Spatial localization data
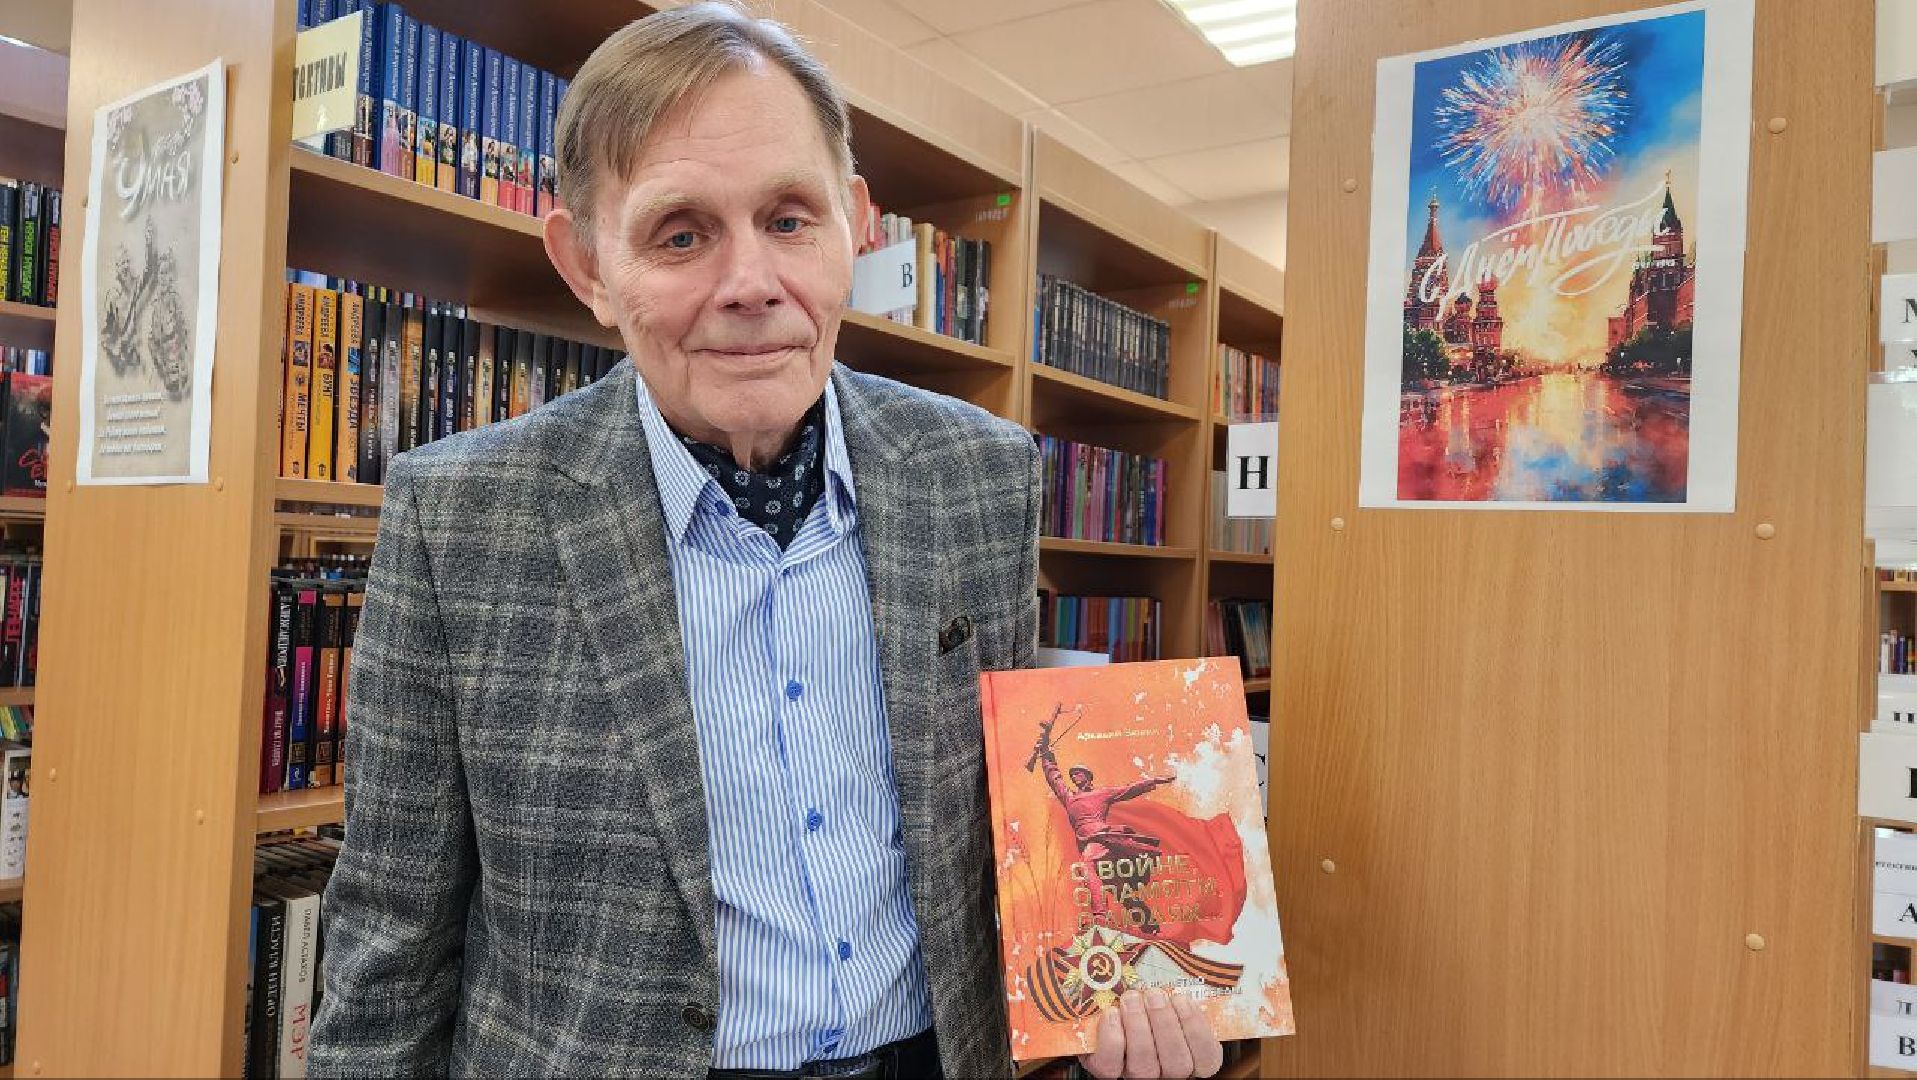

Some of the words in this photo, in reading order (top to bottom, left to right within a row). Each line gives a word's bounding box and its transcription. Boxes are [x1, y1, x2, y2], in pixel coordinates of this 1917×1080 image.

[902, 263, 912, 287] В
[1235, 456, 1270, 489] Н
[1070, 862, 1089, 881] О
[1099, 853, 1198, 880] ВОЙНЕ,
[1074, 887, 1092, 907] О
[1897, 1035, 1915, 1057] В

**Aim of the task**
The result should be all the records, retyped exactly, with no pictures among them.

**Output**
Some of the words in this photo, in reading order (top to bottom, left to right within a row). Each line gives a word's bounding box and its transcription. Boxes are [x1, y1, x2, y2], in pixel coordinates of this 1917×1080 image.

[902, 263, 912, 287] В
[1235, 456, 1270, 489] Н
[1070, 862, 1089, 881] О
[1099, 853, 1198, 880] ВОЙНЕ,
[1074, 887, 1092, 907] О
[1897, 1035, 1915, 1057] В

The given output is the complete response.